[SciPy-dev] gui_thread and chaco under Linux

Pearu Peterson pearu at scipy.org
Wed Oct 8 06:56:07 CDT 2003

Hi Prabhu,

On Tue, 7 Oct 2003, Prabhu Ramachandran wrote:

> Well, gui_thread does work under Linux.  For example, this works for
> me:
> In [1]: import gui_thread
> In [2]: gui_thread.start()
> <Importing wxPython... i done.>
> >>>
> In [3]: import scipy.plt as plt
> In [4]: p = plt.plot([1,4,9])
> I think its just that wxplt is not using gui_thread and is currently
> pure wxPython code.

Thank you for the clarification!
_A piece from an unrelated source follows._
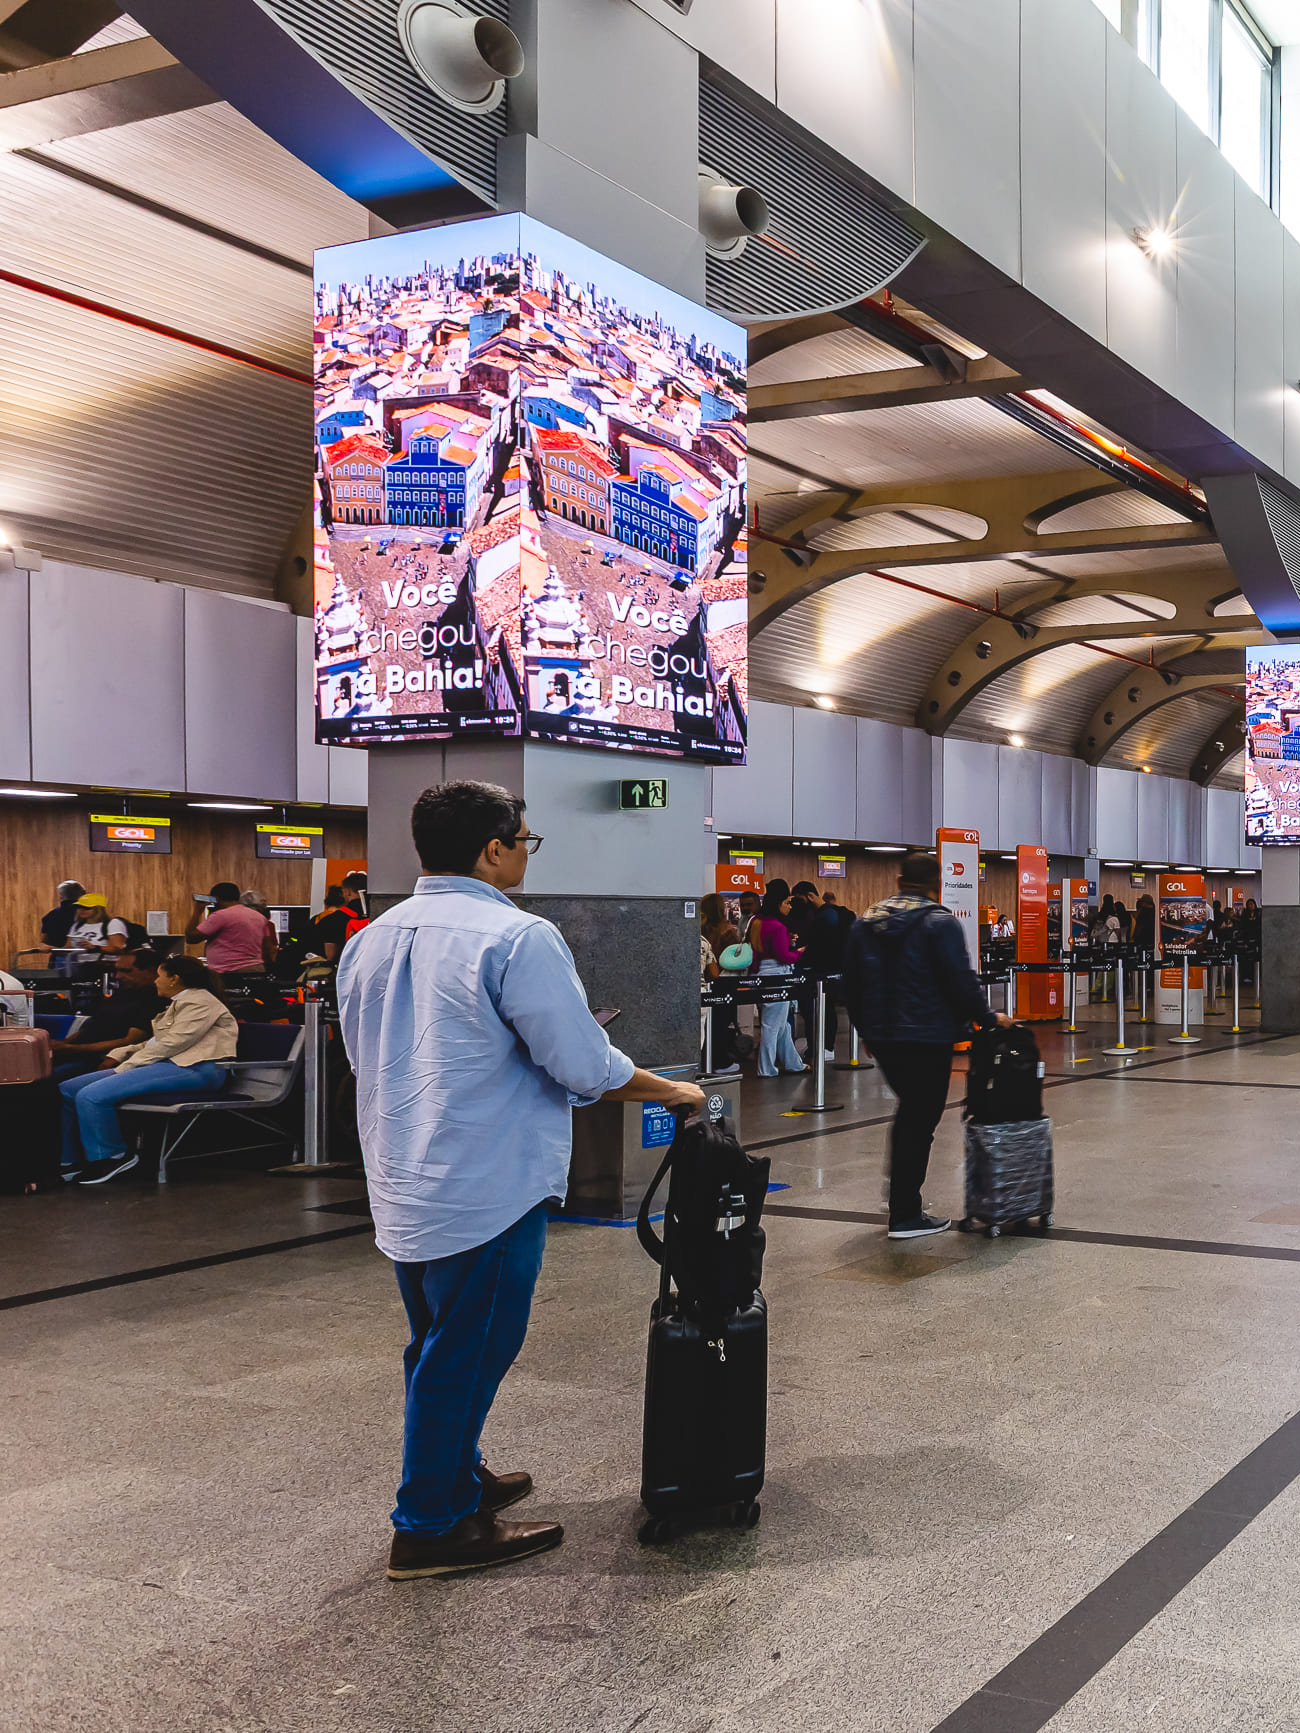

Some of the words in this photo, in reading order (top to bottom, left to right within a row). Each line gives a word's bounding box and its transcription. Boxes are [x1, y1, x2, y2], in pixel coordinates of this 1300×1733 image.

I must admit that at first I really
didn't understand the code in gui_thread (now I do, after re-implementing
it almost from a scratch;-).

>  As you have rightly discovered the way to
> chaco-on-interpreter-heaven is to call all wxPython related functions
> from another thread and this thread must be the first to import
> wxPython.  To use gui_thread you need to 'register' a class with it.
> gui_thread then returns a massaged class wraps around the actual class
> that the actual functions are called in the right thread.  It also
> tries to handle attribute access safely.  However, this is from memory
> having hacked on gui_thread about two years ago and a few things might
> have changed.  Anyway, the way to register a class with gui_thread is
> to do the following:
> wrapped_class = gui_thread.register(some_wx_python_class)
> Then you create wrapped_class instances as you would create
> some_wx_python_class and it should work (in theory).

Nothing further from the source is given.